* _Exercise prompt_: Please return the full listing word for word, leaving out any pictures.

* _Listed records_:
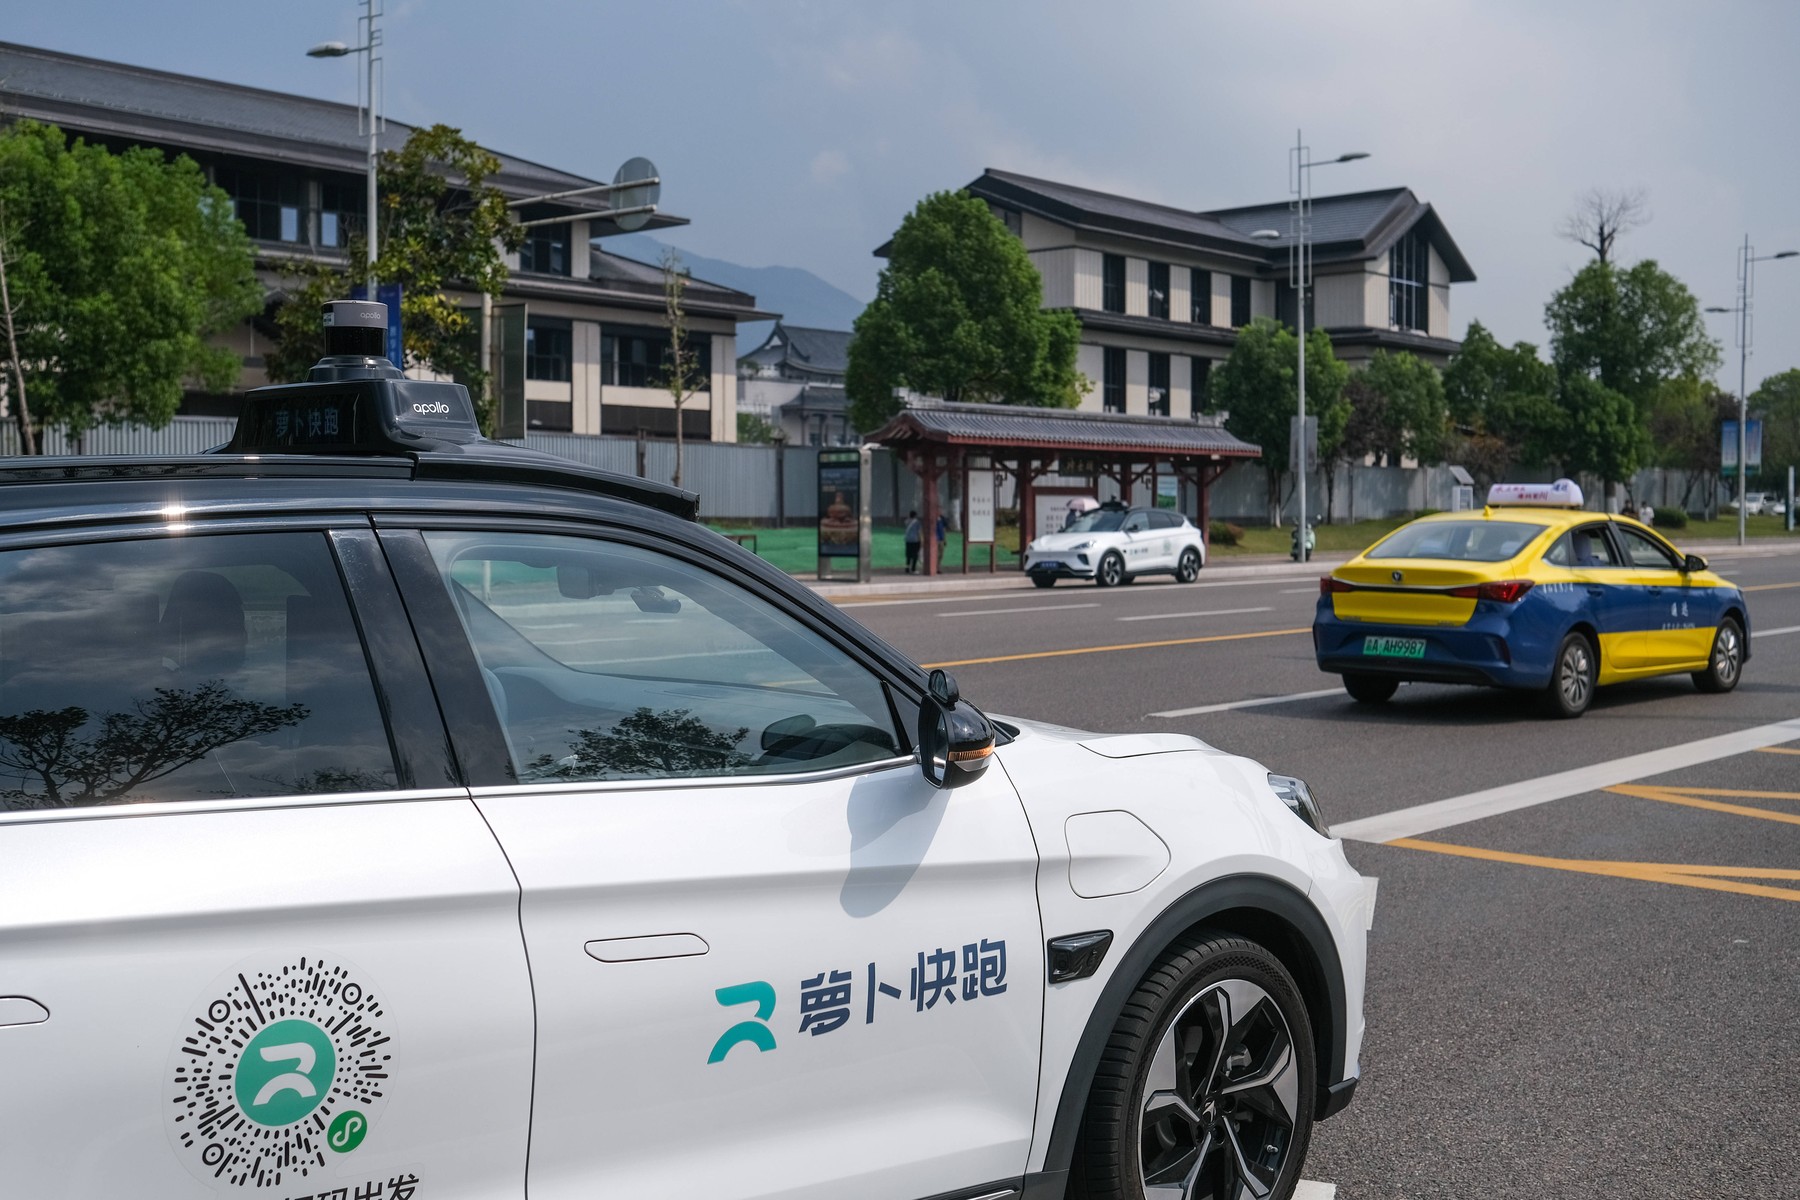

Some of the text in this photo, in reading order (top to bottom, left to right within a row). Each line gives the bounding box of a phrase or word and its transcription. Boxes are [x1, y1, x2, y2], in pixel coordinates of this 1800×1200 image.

[360, 312, 381, 320] apollo
[413, 401, 450, 415] apollo
[275, 407, 339, 437] 萝卜快跑
[1383, 640, 1425, 656] AH9987
[798, 937, 1008, 1036] 萝卜快跑
[284, 1173, 420, 1200] 出发
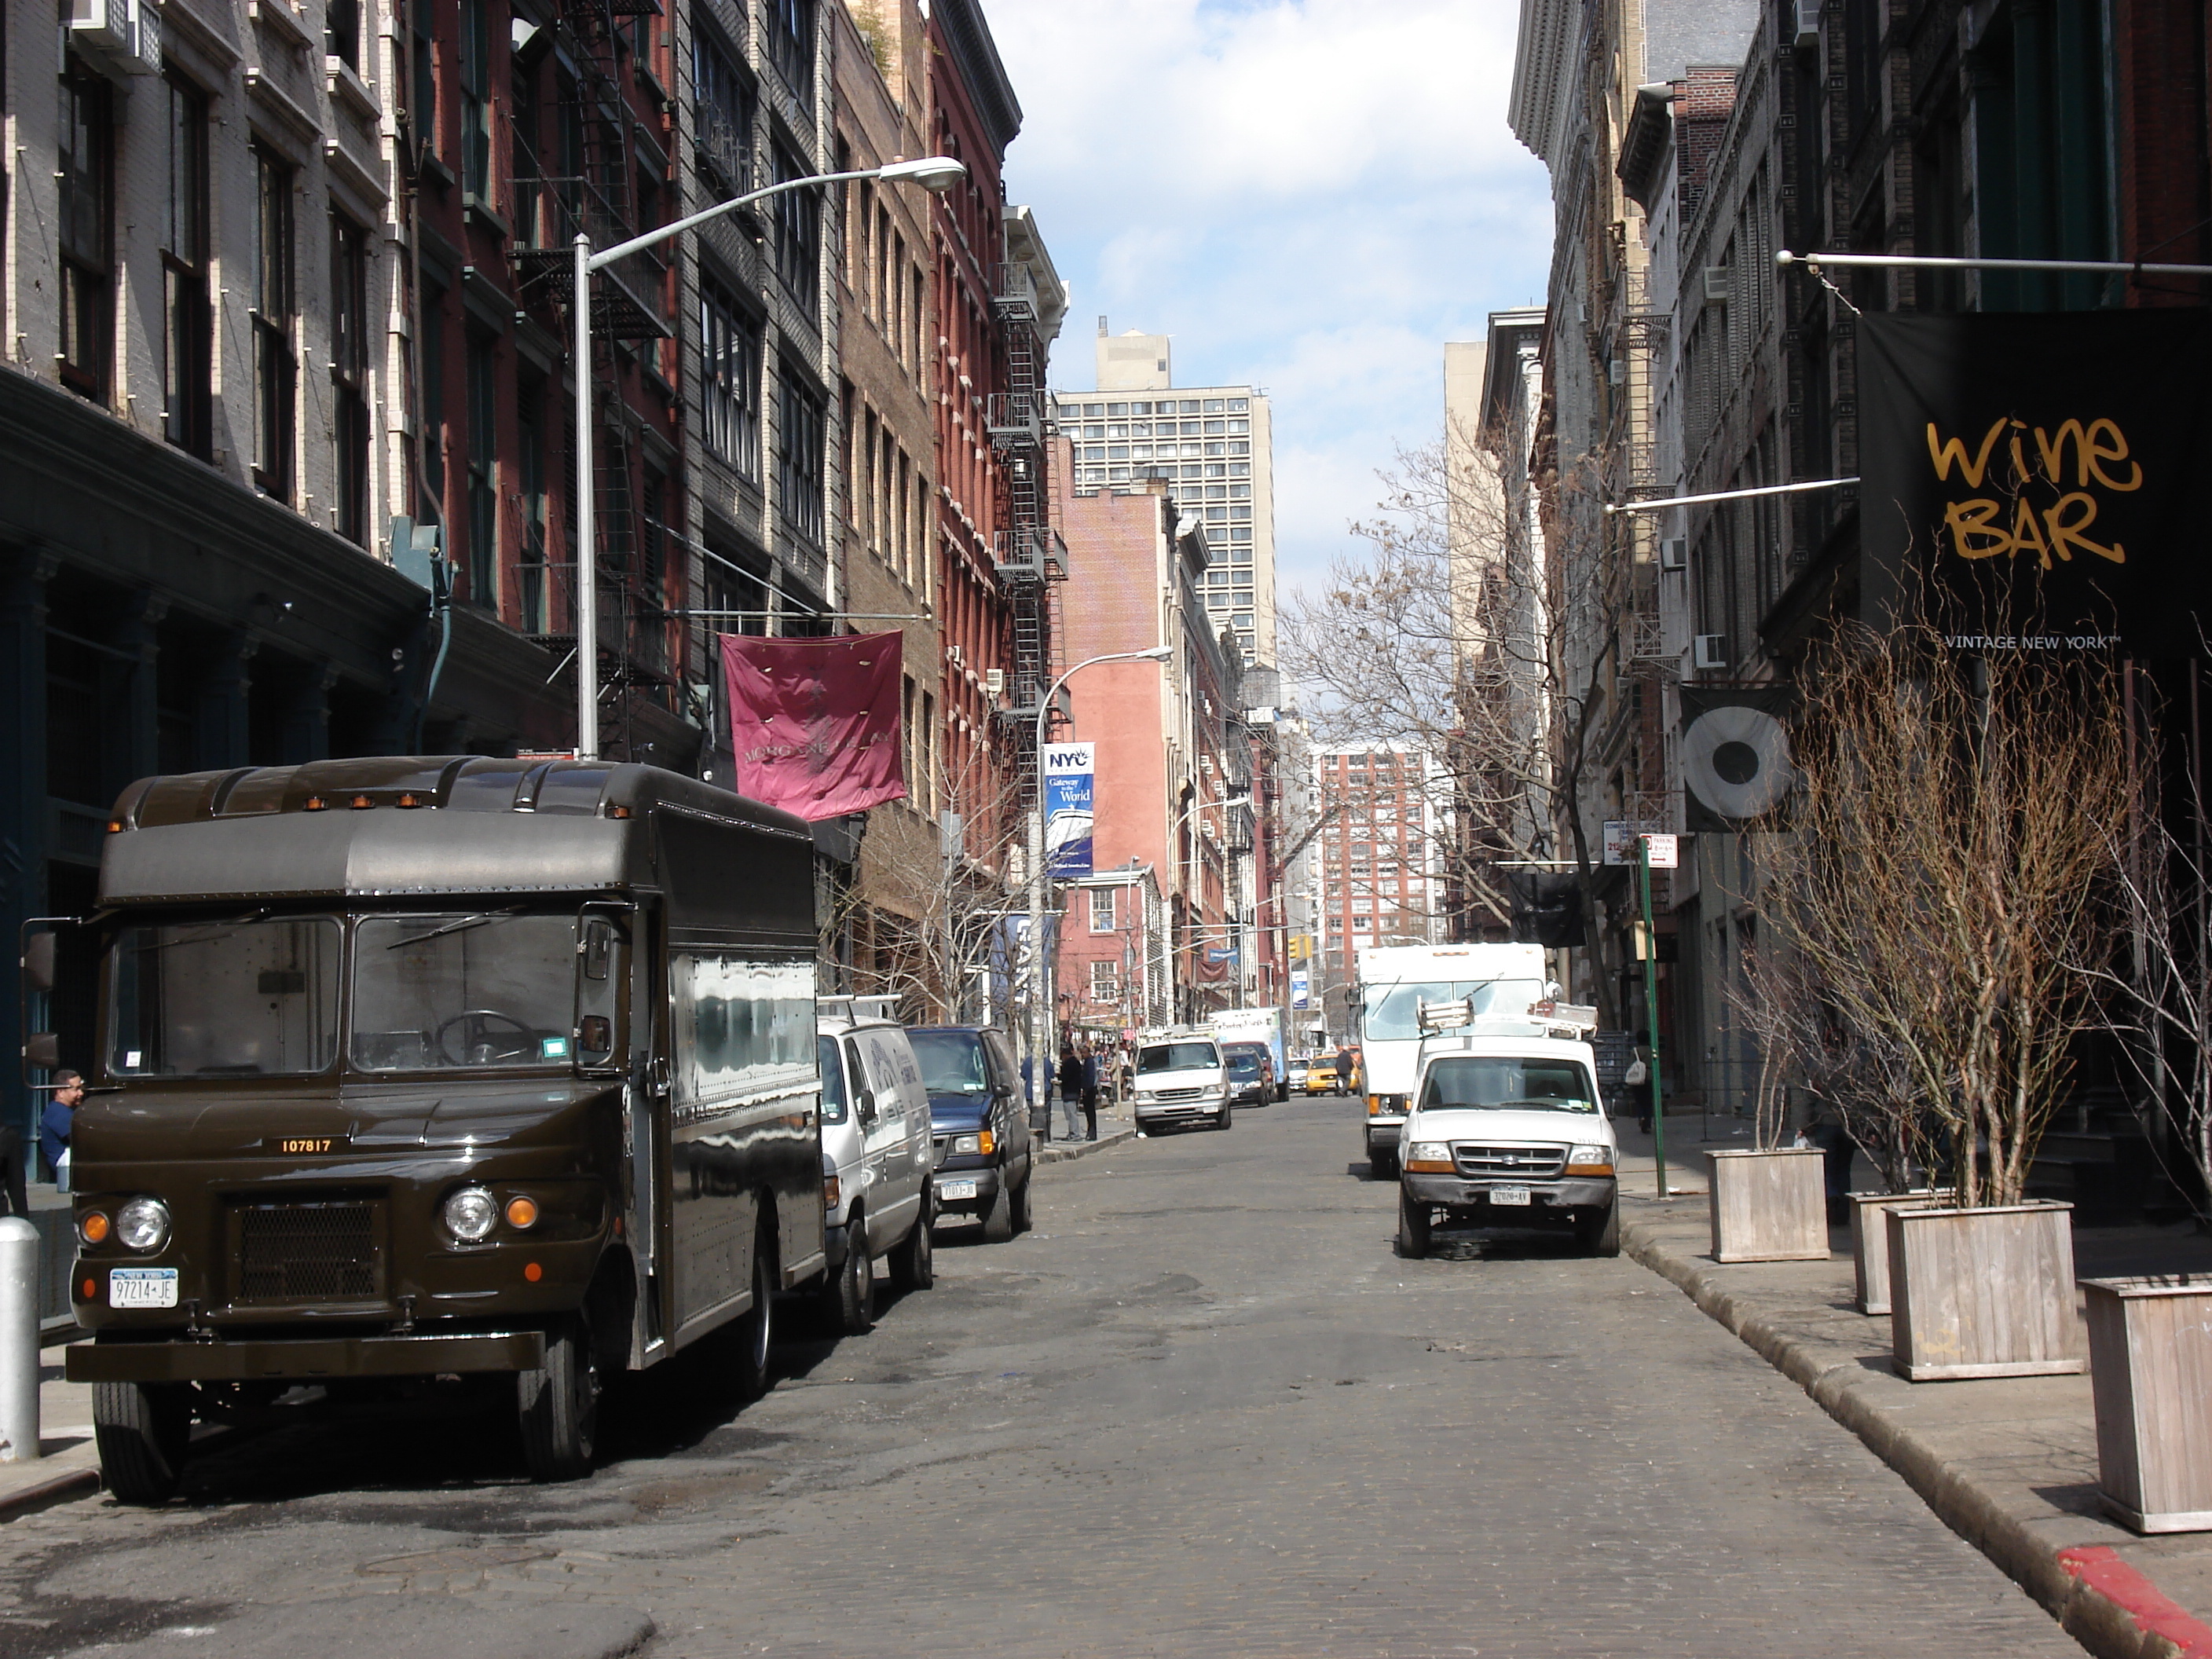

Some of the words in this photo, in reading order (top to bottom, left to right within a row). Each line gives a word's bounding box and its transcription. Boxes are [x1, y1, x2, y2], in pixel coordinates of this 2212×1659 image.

[1944, 492, 2126, 570] BAR
[1945, 635, 2016, 649] VINTAGE
[2023, 636, 2060, 650] NEW
[1049, 752, 1088, 767] NYC
[1049, 778, 1079, 788] Gateway
[1060, 789, 1090, 802] World
[283, 1140, 331, 1152] 107817

* _Written solution_:
Some of the text in this photo, in reading order (top to bottom, left to right within a row). Each line gives the bounding box of a phrase or word and its transcription. Boxes are [x1, y1, x2, y2], in pixel coordinates of this 1800×1200 image.

[360, 312, 381, 320] apollo
[413, 401, 450, 415] apollo
[275, 407, 339, 437] 萝卜快跑
[1383, 640, 1425, 656] AH9987
[798, 937, 1008, 1036] 萝卜快跑
[284, 1173, 420, 1200] 出发

Some of the words in this photo, in reading order (top to bottom, left to right within a row). Each line gives a word's bounding box and its transcription. Boxes are [x1, y1, x2, y2], in pixel coordinates of this 2212×1659 image.

[1944, 492, 2126, 570] BAR
[1945, 635, 2016, 649] VINTAGE
[2023, 636, 2060, 650] NEW
[1049, 752, 1088, 767] NYC
[1049, 778, 1079, 788] Gateway
[1060, 789, 1090, 802] World
[283, 1140, 331, 1152] 107817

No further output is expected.